Chronic cough

Referrers should use this page when referring patients to public adult respiratory and sleep medicine outpatient services for chronic cough.
Emergency referral
If any of the following are present or suspected, refer the patient to the emergency department or seek emergency medical advice if in a remote region.
  • Nil
Immediate referral
Orange exclamation mark in triangle: orange alertImmediately contact on-call registrar or service to arrange immediate respiratory assessment (seen within 7 days):
  • Nil

To contact the relevant service, see Clinician Assist WA: Acute Respiratory assessment (external site).

Clinical indications for outpatient referral
If any of these issues are present, refer to outpatient services through the Central Referral Service (CRS).
  • Chronic cough (present for >8 weeks)
Mandatory information

Referrals missing 'mandatory information' with no explanation provided may not be accepted by site. If 'mandatory information' is not included, the explanation must be provided in the body of the referral (e.g. patient unable to access test in regional or remote areas or due to financial reason).

This information is required to inform accurate and timely triage. If unable to attach reports, please include relevant information/findings in the body of the referral and advise where (provider) investigation/imaging was completed.

 

History
  • Relevant history, onset, duration, and severity of symptoms including:
    • Associated symptoms e.g. syncope, incontinence, dyspnoea, weight loss, fever
  • History of ENT problems or GORD
  • Current medication list
  • Any known allergies
  • Details of previous treatment and outcome (Multidisciplinary clinics have been shown to be more effective than review by individual healthcare practitioners. To help triage to this pressured resource, it is important to be clear if, where and by whom the patient has been seen for this complaint previously).
  • Smoking/vaping status and history

Examination
  • Nil
Investigations 
  • FBC
  • Spirometry pre and post bronchodilator. With inclusion of flow volume loop (where possible)
  • CT thorax: ideally high-resolution chest CT (HRCT). CT thorax is mandatory if there is suspicion of malignancy, bronchiectasis, or pulmonary fibrosis. To reduce radiation exposure other cases will be evaluated first.
Highly desirable
History
  • Diurnal variation in symptom severity (e.g. nocturnal or positional)
  • Triggers e.g. air temp, food, talking, exercise
  • Swallowing difficulties
  • Voice change
Examination
  • Nil
Investigations
  • Results of previous treatment trial as defined in useful information section
  • Occupational history/exposure
  • Previous gastroscopy findings
  • Sputum culture
Indicative clinical urgency category

Category 1

Appointment within 30 days

  • No defined category 1 criteria

Category 2

Appointment within 90 days

  • No defined category 2 criteria

Category 3

Appointment within 365 days

  • Cough present for > 8 weeks with normal CXR or CT and normal spirometry and no improvement following treatment trial as specified in useful information section
Exclusions
  • Nil
Useful information

  • See Clinician Assist WA: Chronic Cough
  • There are many causes of persistent cough. These can be categorised into:
    • Respiratory e.g. eosinophilic bronchitis
    • ENT (e.g. postnasal drip)
    • Gastrointestinal e.g. reflux
    • Drug related (ACEI, aspirin, beta blockers)
    • Cardiac (e.g. heart failure)

Treatment trial:
Ensure occult sino-nasal disease, unresolved infectious bronchitis and acid reflux have been considered and treated appropriately. Support cessation in those with nicotine or other smoked drug use.

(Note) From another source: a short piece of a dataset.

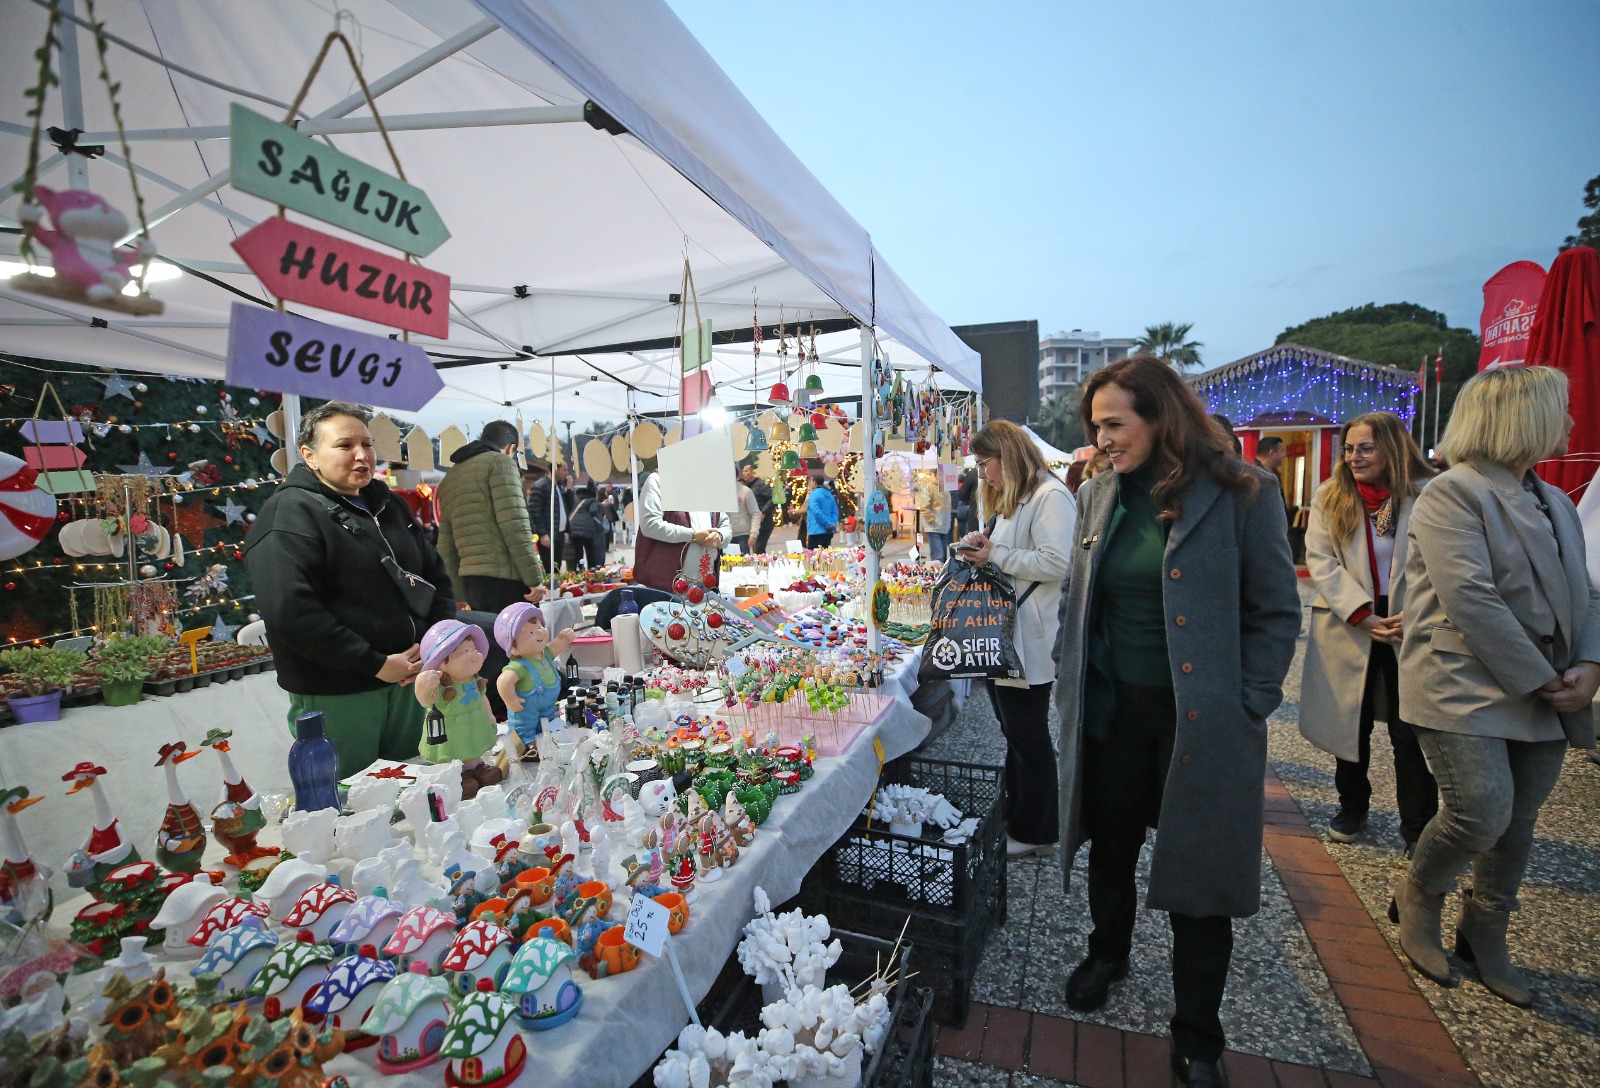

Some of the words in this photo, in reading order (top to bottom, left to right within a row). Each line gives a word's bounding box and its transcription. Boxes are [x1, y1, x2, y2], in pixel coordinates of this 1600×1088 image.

ACE inhibitors should be ceased, and an alternate medication substituted (e.g. angiotensin 2 receptor antagonists).

  1. If no clear evidence of asthma, it is possible that inhaled corticosteroids may be of benefit, and a four-week trial of inhaled steroids is suggested
  2. A six-week trial of intra nasal steroid should be commenced if any suspicion of rhinitis/post-nasal drip
  3. If unsuccessful, reconsider the need for a CT chest scan (including high resolution images) and refer to specialist.
  4. There is good evidence that trials of Proton pump inhibitors in the absence of marked reflux symptoms are unhelpful.
  5. Protracted courses of antibiotics have only been shown to be of benefit in young children and their empirical use in adults is not recommended.

Spirometry: Bulk-billed spirometry can be obtained via Asthma WA. A list of other providers undertaking lung function testing is provided on Clinician Assist WA: Respiratory Function Testing.
See MBS: Item 11505 and MBS: Item 11506 for information on completing spirometry.